The LA Controller’s Office features data from the City of LA’s Bureau of Street Services that composes an interactive map containing a data set called Street Grades. This data set provides information about the quality and state of LA’s roads, and can be manipulated using this interactive map. The data presented on the map can be filtered using five different criteria: council district, neighbourhood council, road repair, street pavement condition, and 2014-15 road repair, and filters can be applied at the same time, if the user desires. Within these categories there are only three data types: geographic boundaries based on city council, road conditions, and road repairs, both past and scheduled. Therefore a record is a single road and its variables represent the data associated with that record.

Wallack and Srinivasan define ontology as a system of categories by which groups order and manage information about the things around them. In this case therefore, the Street Pavement Condition is the dataset’s ontology, as is provides clearly defined categories into which roads can be assigned. The road conditions are quantified using the Pavement Condition Index (PCI) which runs from 1-100 and is the sum of the road’s present physical condition and how much repair is necessary to restore the road to perfect conditions. The PCI then categorizes each road into five groups based on score: failed, poor, fair, satisfactory and good.

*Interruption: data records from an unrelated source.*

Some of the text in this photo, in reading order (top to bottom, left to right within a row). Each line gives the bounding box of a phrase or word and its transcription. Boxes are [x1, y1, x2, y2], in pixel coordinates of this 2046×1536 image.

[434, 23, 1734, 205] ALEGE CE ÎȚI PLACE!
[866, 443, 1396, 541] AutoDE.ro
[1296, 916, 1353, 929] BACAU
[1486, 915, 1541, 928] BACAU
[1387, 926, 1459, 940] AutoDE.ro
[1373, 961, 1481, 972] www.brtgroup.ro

In my opinion, the people who will find this information most useful and illuminating are industries that rely on road transportation networks, such as taxi, courier and shipping services and navigation software. This is because roads that are in good condition tend to provide more efficient traffic flow than, since they are easier and less challenging to drive on. On the other hand, roads that are in poor repair slow down traffic due to drivers avoiding potholes and other nuisances in the road. Additionally, real estate companies can also find this information useful as they can rate geographic regions’ quality of living using this information.

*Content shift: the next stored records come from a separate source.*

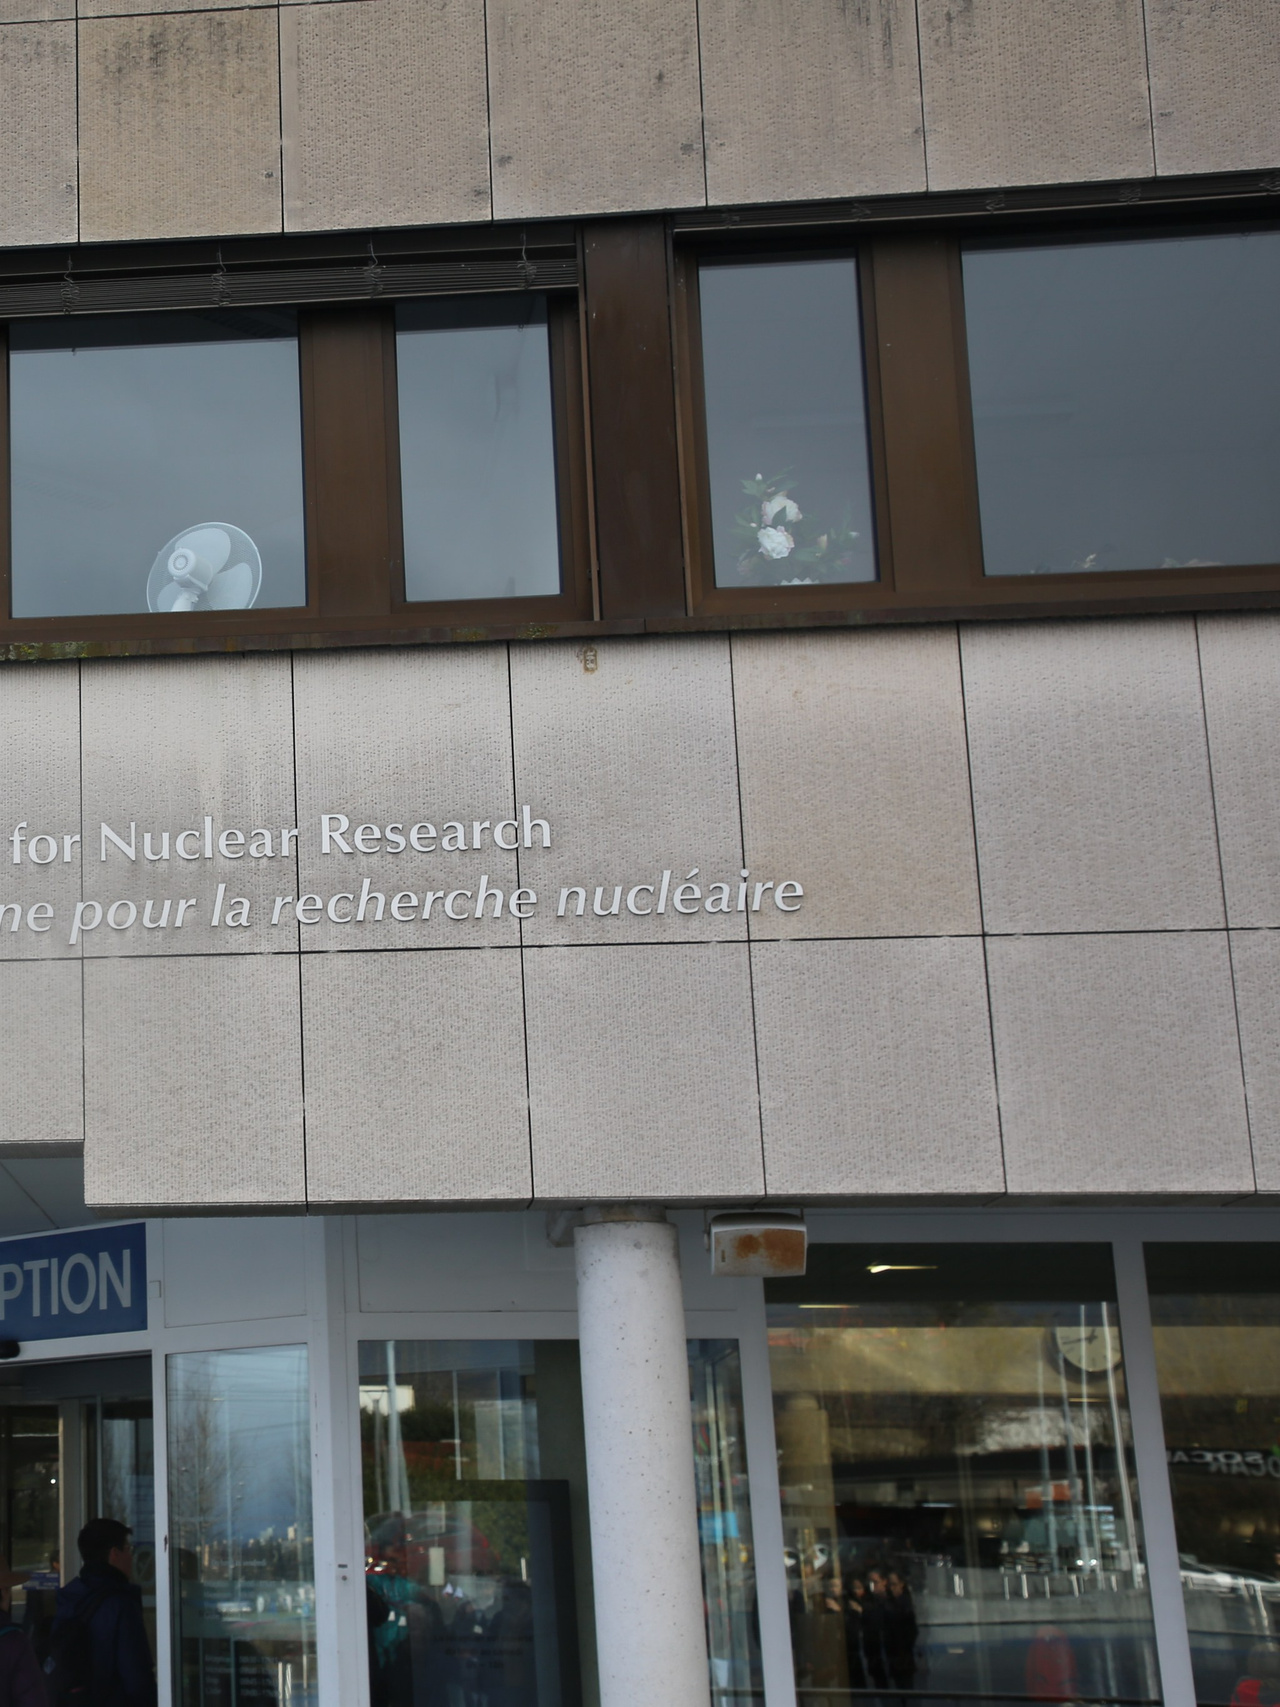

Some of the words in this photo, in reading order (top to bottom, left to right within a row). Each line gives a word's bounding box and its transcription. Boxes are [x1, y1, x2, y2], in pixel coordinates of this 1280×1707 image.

[9, 823, 81, 864] for
[100, 816, 298, 861] Nuclear
[320, 805, 551, 854] Research
[69, 898, 196, 945] pour
[210, 883, 251, 928] la
[271, 875, 537, 926] recherche
[556, 868, 804, 917] nucléaire

This dataset does a very good job at describing that many of LA’s roads are in poor condition and are in great need of repair. It also succeeds in showing that while many are in need of repair, very few of these roads are actually scheduled for such repair. It also illuminates that more affluent neighbourhoods tend to have better quality roads.

There are some cities within LA that withhold their data on their roads conditions, such as Santa Monica and Beverly Hills. This is an inconvenient gap in the data and it would be nice to have the entire map covered with interactive data.